WHAT THE TASK REQUIRES –
Each entry should be printed exactly, with its images omitted.

Spatial localization data –
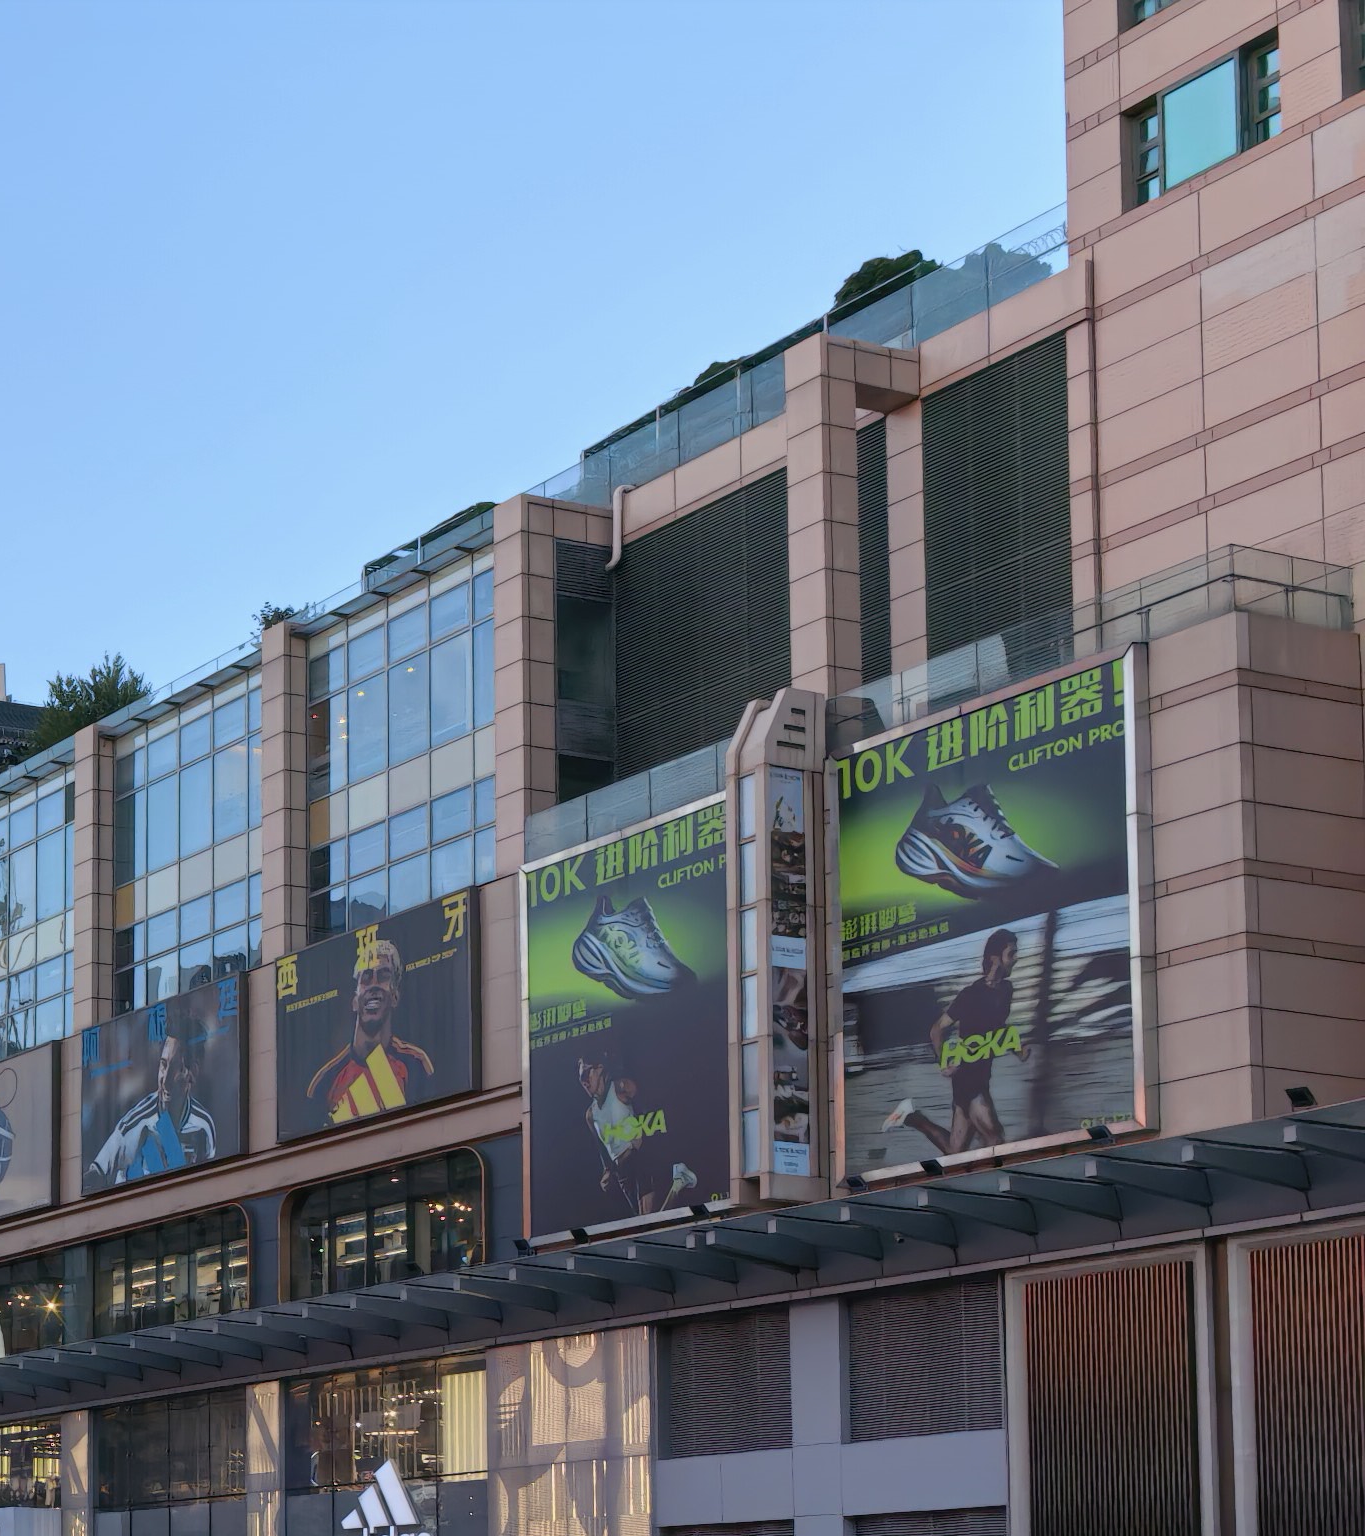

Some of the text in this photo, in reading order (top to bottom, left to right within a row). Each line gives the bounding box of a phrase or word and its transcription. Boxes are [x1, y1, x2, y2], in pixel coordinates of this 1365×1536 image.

[836, 735, 915, 800] 10K
[1008, 733, 1083, 773] CLIFTON
[527, 801, 726, 907] 10K 进阶利器
[657, 856, 715, 889] CLIFTON
[940, 1025, 1022, 1070] HOKA
[603, 1109, 667, 1144] HOKA

ANSWER SECTION –
Some of the text in this photo, in reading order (top to bottom, left to right within a row). Each line gives the bounding box of a phrase or word and its transcription. Boxes are [x1, y1, x2, y2], in pixel coordinates of this 1365×1536 image.

[836, 735, 915, 800] 10K
[1008, 733, 1083, 773] CLIFTON
[527, 801, 726, 907] 10K 进阶利器
[657, 856, 715, 889] CLIFTON
[940, 1025, 1022, 1070] HOKA
[603, 1109, 667, 1144] HOKA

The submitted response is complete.